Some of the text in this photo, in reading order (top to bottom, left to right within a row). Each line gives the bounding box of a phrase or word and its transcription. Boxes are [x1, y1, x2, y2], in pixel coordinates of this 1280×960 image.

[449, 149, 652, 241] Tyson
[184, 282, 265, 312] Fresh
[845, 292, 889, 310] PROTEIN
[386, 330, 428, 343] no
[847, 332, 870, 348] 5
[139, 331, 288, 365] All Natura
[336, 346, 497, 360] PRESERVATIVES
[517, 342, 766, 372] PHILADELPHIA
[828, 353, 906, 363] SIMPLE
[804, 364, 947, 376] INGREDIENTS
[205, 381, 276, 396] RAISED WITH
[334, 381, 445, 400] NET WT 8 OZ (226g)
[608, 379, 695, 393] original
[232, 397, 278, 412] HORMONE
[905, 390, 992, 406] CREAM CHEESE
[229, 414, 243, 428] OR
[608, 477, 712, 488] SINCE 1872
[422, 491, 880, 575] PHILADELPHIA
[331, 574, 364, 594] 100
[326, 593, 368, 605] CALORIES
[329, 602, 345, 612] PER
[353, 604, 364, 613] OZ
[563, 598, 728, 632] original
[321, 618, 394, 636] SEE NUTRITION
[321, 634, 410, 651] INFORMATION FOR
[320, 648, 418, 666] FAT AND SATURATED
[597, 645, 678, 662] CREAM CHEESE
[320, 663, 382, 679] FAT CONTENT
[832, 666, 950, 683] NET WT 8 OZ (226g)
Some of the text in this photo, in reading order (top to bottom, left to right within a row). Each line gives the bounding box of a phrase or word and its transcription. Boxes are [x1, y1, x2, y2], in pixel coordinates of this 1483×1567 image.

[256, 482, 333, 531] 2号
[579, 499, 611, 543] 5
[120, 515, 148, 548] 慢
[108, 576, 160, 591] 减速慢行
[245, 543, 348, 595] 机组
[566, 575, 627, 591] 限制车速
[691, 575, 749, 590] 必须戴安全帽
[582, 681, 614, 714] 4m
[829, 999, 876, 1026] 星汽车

--------------------------------

◆ **WORK TO COMPLETE**: Line by line, reproduce the records above exactly.

◆ **REPLY**:
Some of the text in this photo, in reading order (top to bottom, left to right within a row). Each line gives the bounding box of a phrase or word and its transcription. Boxes are [x1, y1, x2, y2], in pixel coordinates of this 1280×960 image.

[449, 149, 652, 241] Tyson
[184, 282, 265, 312] Fresh
[845, 292, 889, 310] PROTEIN
[386, 330, 428, 343] no
[847, 332, 870, 348] 5
[139, 331, 288, 365] All Natura
[336, 346, 497, 360] PRESERVATIVES
[517, 342, 766, 372] PHILADELPHIA
[828, 353, 906, 363] SIMPLE
[804, 364, 947, 376] INGREDIENTS
[205, 381, 276, 396] RAISED WITH
[334, 381, 445, 400] NET WT 8 OZ (226g)
[608, 379, 695, 393] original
[232, 397, 278, 412] HORMONE
[905, 390, 992, 406] CREAM CHEESE
[229, 414, 243, 428] OR
[608, 477, 712, 488] SINCE 1872
[422, 491, 880, 575] PHILADELPHIA
[331, 574, 364, 594] 100
[326, 593, 368, 605] CALORIES
[329, 602, 345, 612] PER
[353, 604, 364, 613] OZ
[563, 598, 728, 632] original
[321, 618, 394, 636] SEE NUTRITION
[321, 634, 410, 651] INFORMATION FOR
[320, 648, 418, 666] FAT AND SATURATED
[597, 645, 678, 662] CREAM CHEESE
[320, 663, 382, 679] FAT CONTENT
[832, 666, 950, 683] NET WT 8 OZ (226g)
Some of the text in this photo, in reading order (top to bottom, left to right within a row). Each line gives the bounding box of a phrase or word and its transcription. Boxes are [x1, y1, x2, y2], in pixel coordinates of this 1483×1567 image.

[256, 482, 333, 531] 2号
[579, 499, 611, 543] 5
[120, 515, 148, 548] 慢
[108, 576, 160, 591] 减速慢行
[245, 543, 348, 595] 机组
[566, 575, 627, 591] 限制车速
[691, 575, 749, 590] 必须戴安全帽
[582, 681, 614, 714] 4m
[829, 999, 876, 1026] 星汽车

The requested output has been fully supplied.